Recentemente, havíamos defendido a hipótese de que a tese da agenda setting poderia ser um instrumento de análise mais refinado se fosse retomada como fazendo parte da ‘luta pelas interpretações’, no jogo da história. A agenda setting seria, em última instância, uma agenda semântica, a luta pelo estabelecimento dos sentidos hegemônicos (ou contra-hegemônicos) na sociedade, com a decorrente estruturação de uma memória e de um campo de significações possíveis ‘a partir do agora’ (futuridade, em linguagem conceitual).
‘Abuso’ e ‘equívoco’
O caso Daniel Dantas pode ser um objeto de análise bastante interessante para essa hipótese de trabalho. Como é um caso que atinge pelo menos três dos grandes partidos brasileiros (DEM, PSDB e PT), governo e oposições, instituições financeiras, Poder Judiciário e imprensa, é bastante crível que os veículos alinhados (a uma das posições políticas) tentem redefinir o campo de alcance das revelações, reduzindo os prejuízos que podem ser causados a aliados e intensificando bastante aqueles que podem ser destrutivos contra seus adversários.
Neste momento, primeira semana após a revelação das descobertas da Polícia Federal, a imprensa, alinhada com a oposição, atua a partir de, pelo menos, quatro estratégias, que já podem ser detectadas.
1) Desqualifica as apurações contra jornalistas, afirmando que o que há não passa de indícios sem provas. Da mesma forma, faz a acusação recair sobre jornalistas que não foram citados como tendo ligações explícitas com ‘a organização criminosa’, como forma de mobilizar inocentes contra as descobertas. Desta forma, tenta criar um antídoto contra possíveis revelações que atinjam a credibilidade dos próprios veículos.
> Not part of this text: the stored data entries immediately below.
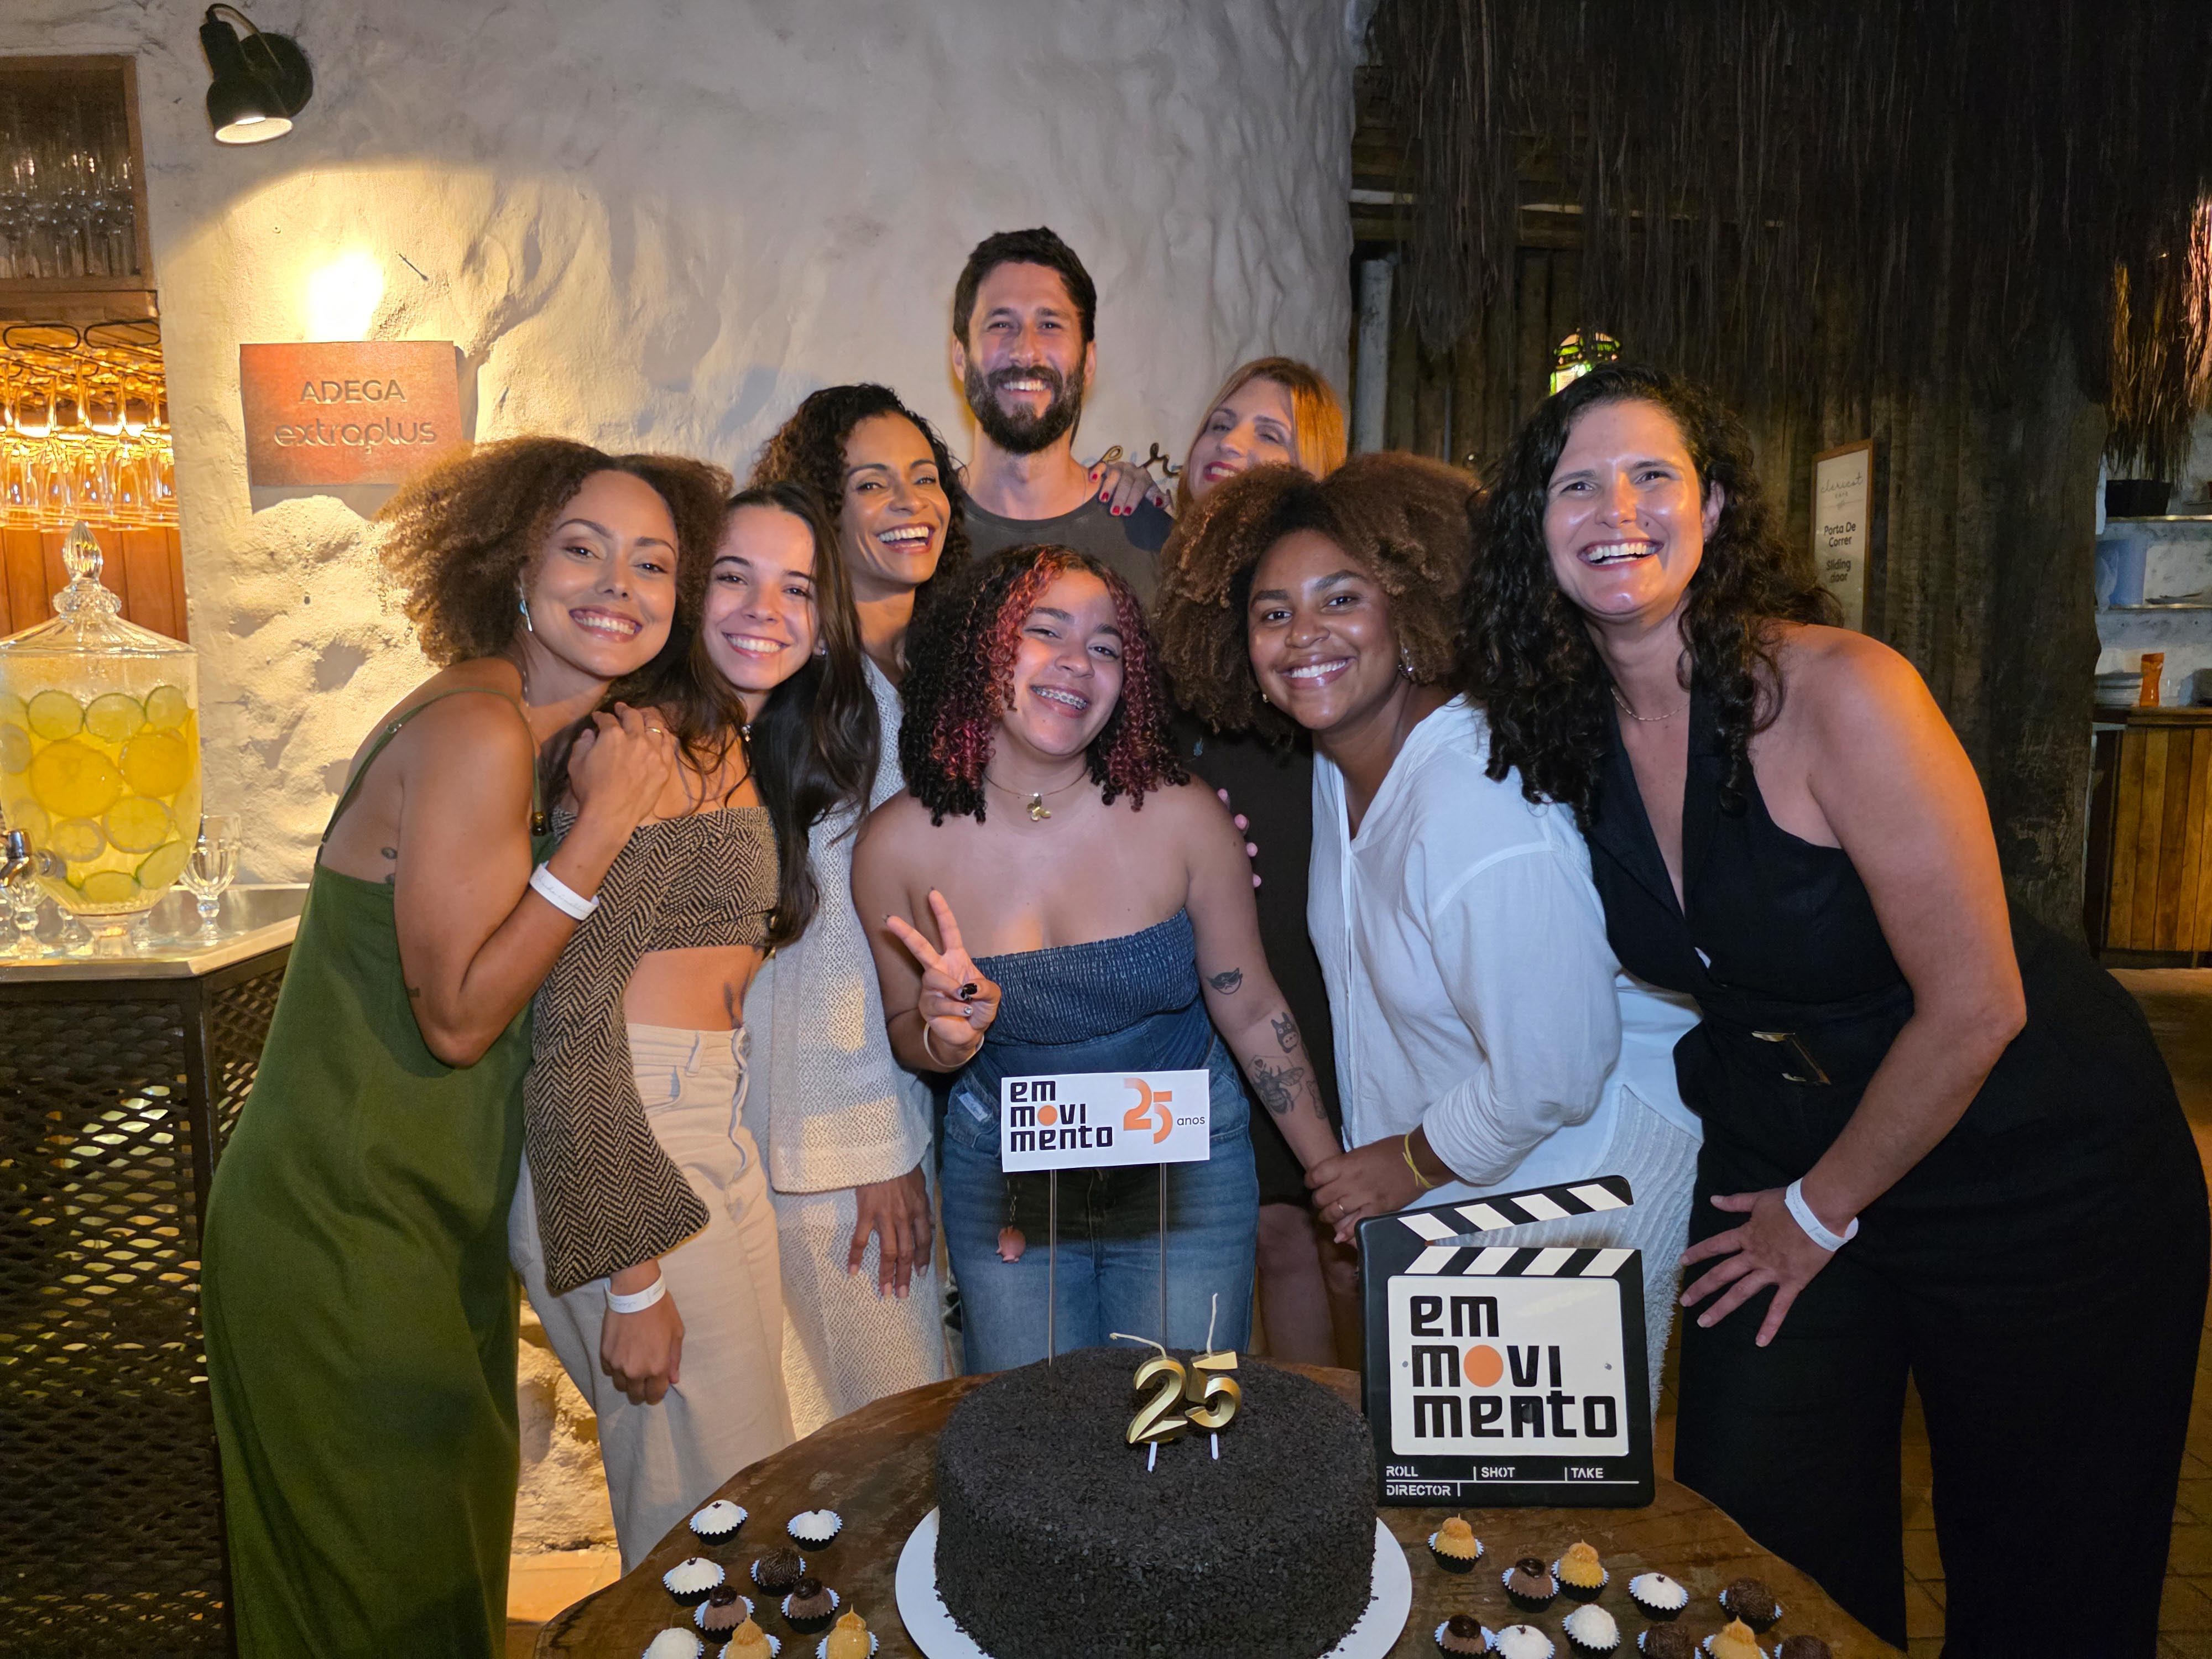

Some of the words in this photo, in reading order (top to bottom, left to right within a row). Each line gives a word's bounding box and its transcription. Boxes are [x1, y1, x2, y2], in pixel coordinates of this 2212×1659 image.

[299, 379, 407, 405] ADEGA
[274, 417, 438, 455] extraplus
[1824, 525, 1844, 536] Porta
[1845, 521, 1856, 533] De
[1829, 536, 1852, 547] Correr
[1010, 1081, 1056, 1103] em
[1123, 1077, 1173, 1145] 25
[1177, 1116, 1206, 1126] anos
[1010, 1125, 1113, 1152] mento
[1410, 1296, 1499, 1337] em
[1413, 1390, 1618, 1438] mento
[1386, 1465, 1418, 1477] ROLL
[1481, 1467, 1515, 1478] SHOT
[1571, 1467, 1604, 1479] TAKE
[1386, 1485, 1451, 1496] DIRECTOR
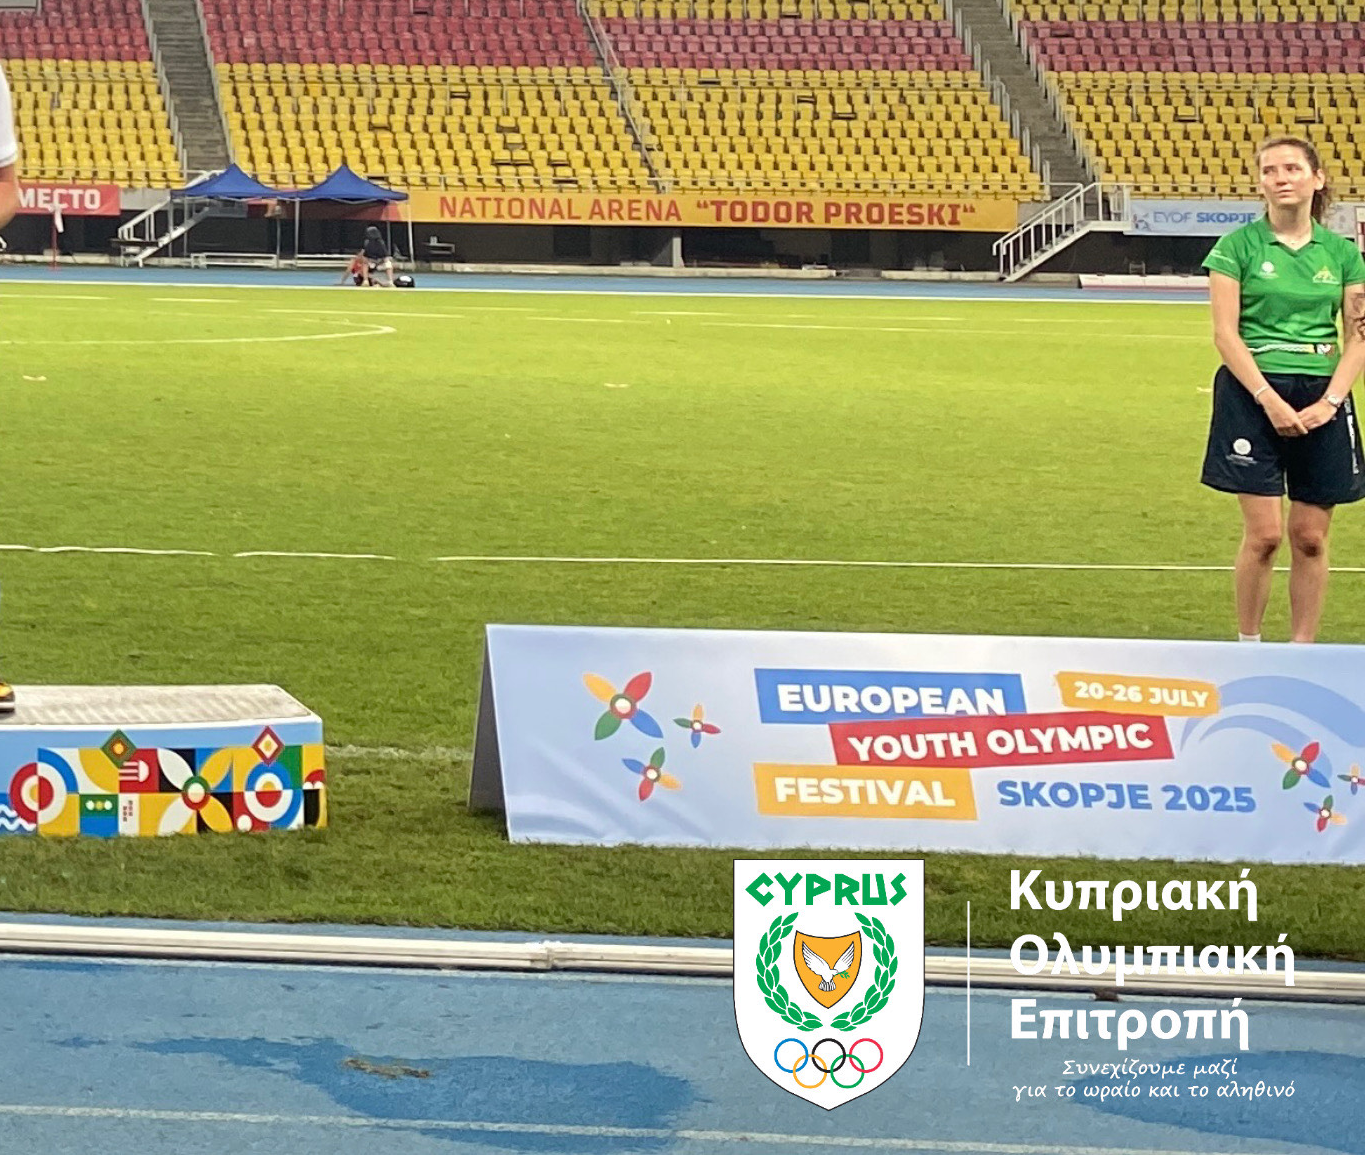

2) Empreende um recorte partidário e temporário. Só interessa à imprensa alinhada o que diz respeito ao partido adversário e às ações circunscritas numa certa temporalidade que excluam as operações de Dantas de um passado já bastante remoto (que remonta a mais de uma década). Com isso, tenta estabelecer uma memória possível de sentidos.
3) ‘Cria acusados’ no Judiciário, como estratégia para dividir corporativamente este poder e arrebanhar aliados. Neste caso, a estratégia é a mesma do item 1, mas em outra instância.
4) Divulga notas desencontradas em relação às operações da Polícia Federal, principalmente no que diz respeito a acentuar as divisões na corporação, frutos de possíveis divergências em relação aos rumos da apuração. Nomeia como ‘abuso’ e ‘equívoco’ (operação de designação poderosa) as ações de setores que podem vir a causar problemas para as estratégias acima.
Guerra está em curso
Em relação à quarta estratégia acima, são importantes algumas linhas a mais. É possível que haja um deslocamento, nas próximas semanas, de enunciados como ‘X vai apurar se houve abuso’, para outros como ‘X diz que possíveis abusos serão apurados’, ou quando se põe este ‘fato’ em discussão – a agenda propriamente estabelecida, em que o sentido se transforma em fato consumado: ‘Y e Z falam sobre melhor maneira para conter os abusos cometidos’ ou mesmo ‘Y e Z discutem situação de delegado em relação a abusos’.
Aquelas quatro linhas de atuação estão se concatenando, principalmente nos jornais de referência do eixo Rio-São Paulo.
Se a agenda semântica vai ser instaurada a partir desta, não é possível afirmar, visto que o sucesso desse empreendimento depende, basicamente, da força de circulação de outras posições de interpretação, bastante facilitadas com a rede, justamente a novidade na disputa pela agenda semântica.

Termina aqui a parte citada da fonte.